Smoo AI LLM Gateway

34+ frontier models, one endpoint.

Drop your OpenAI SDK's base URL to https://llm.smoo.ai/v1. Same shapes, same streaming, same tool calls — with unified billing, org-scoped keys, and automatic failover across providers.
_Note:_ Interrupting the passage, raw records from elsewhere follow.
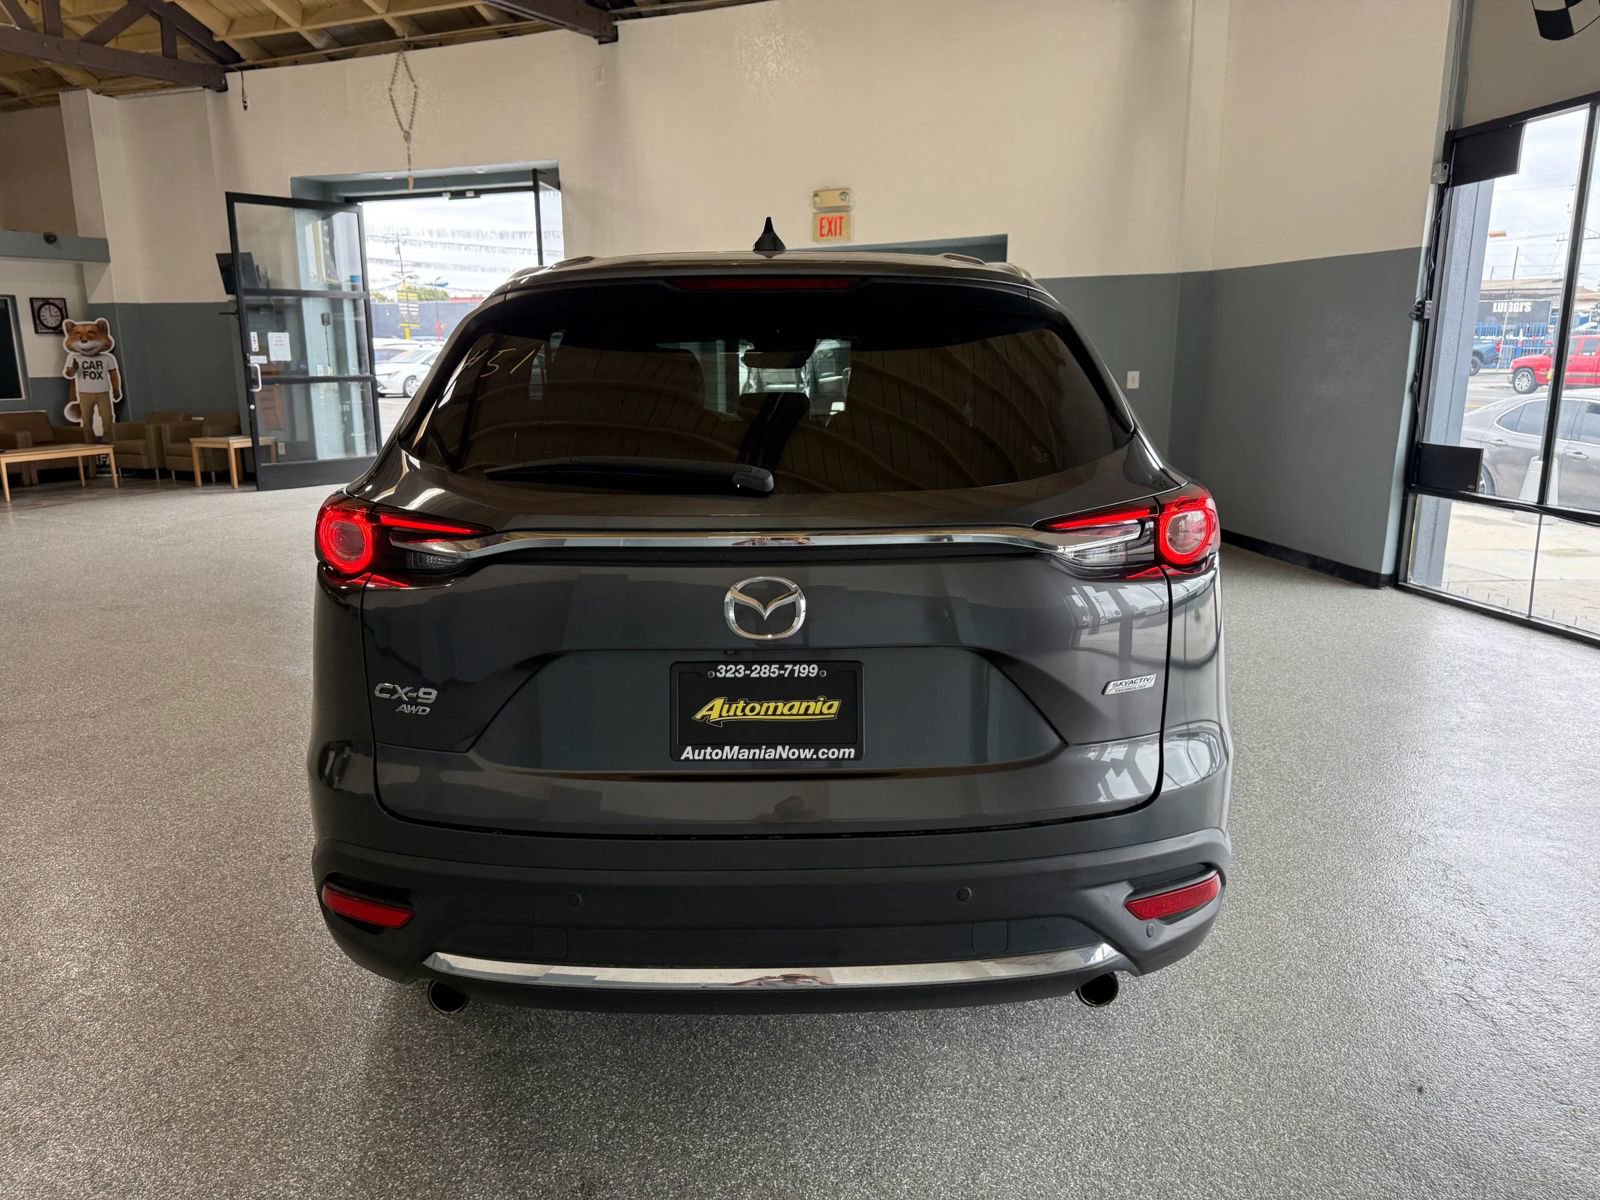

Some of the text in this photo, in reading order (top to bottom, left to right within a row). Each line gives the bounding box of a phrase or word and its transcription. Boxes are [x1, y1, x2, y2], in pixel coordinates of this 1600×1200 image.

[819, 215, 844, 237] EXIT
[81, 360, 104, 370] CAR
[83, 370, 104, 380] FOX
[716, 664, 818, 678] 323-285-7199
[1112, 676, 1153, 687] SKYACTIV
[374, 682, 438, 704] CX-9
[395, 703, 431, 715] AWD
[692, 695, 842, 724] Automania
[680, 745, 855, 760] AutoManiaNow.com
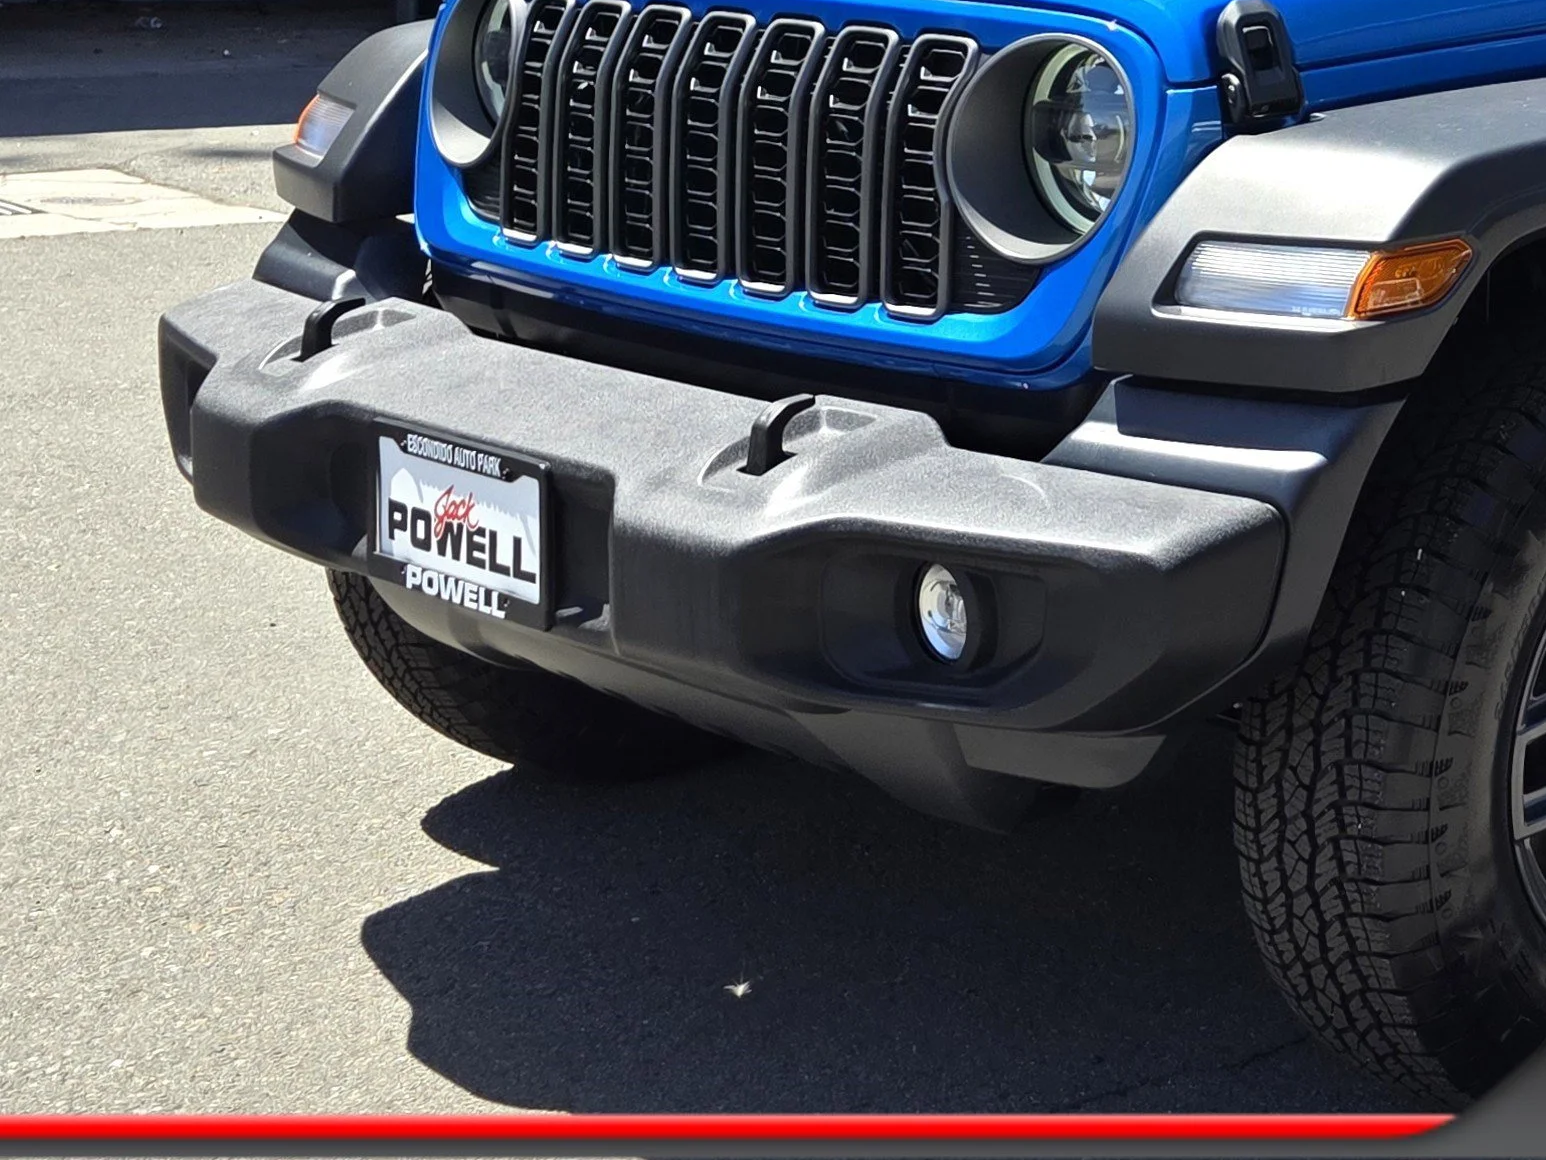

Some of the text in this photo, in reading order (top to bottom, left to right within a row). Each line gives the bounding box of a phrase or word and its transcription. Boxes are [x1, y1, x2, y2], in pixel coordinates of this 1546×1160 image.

[406, 433, 502, 479] ESCONDIDO AUTO PARK
[434, 485, 480, 539] Jack
[388, 497, 537, 585] POWELL
[406, 564, 507, 620] POWELL
4 frontier16 smart9 fastOpenAI · Anthropic · Google · Groq · + aggregator

Get an API key Browse models

Drop-in quickstart

Same OpenAI SDK you already use. Different base URL and your Smoo AI virtual key. That's it.

curl

curl https://llm.smoo.ai/v1/chat/completions \
  -H "Authorization: Bearer $SMOOAI_LLM_KEY" \
  -H "Content-Type: application/json" \
  -d '{
    "model": "gemini-2.5-flash",
    "messages": [{"role": "user", "content": "Hello"}]
  }'

python

from openai import OpenAI

client = OpenAI(
    api_key=os.environ["SMOOAI_LLM_KEY"],
    base_url="https://llm.smoo.ai/v1",
)

resp = client.chat.completions.create(
    model="gemini-2.5-flash",
    messages=[{"role": "user", "content": "Hello"}],
)
print(resp.choices[0].message.content)

typescript

import OpenAI from 'openai';

const client = new OpenAI({
  apiKey: process.env.SMOOAI_LLM_KEY,
  baseURL: 'https://llm.smoo.ai/v1',
});

const resp = await client.chat.completions.create({
  model: 'gemini-2.5-flash',
  messages: [{ role: 'user', content: 'Hello' }],
});
console.log(resp.choices[0].message.content);

Model catalog

Pricing shown is passthrough cost in USD per million tokens, used as the basis for org-metered overage. See /pricing for plan-included allowances and volume tiers.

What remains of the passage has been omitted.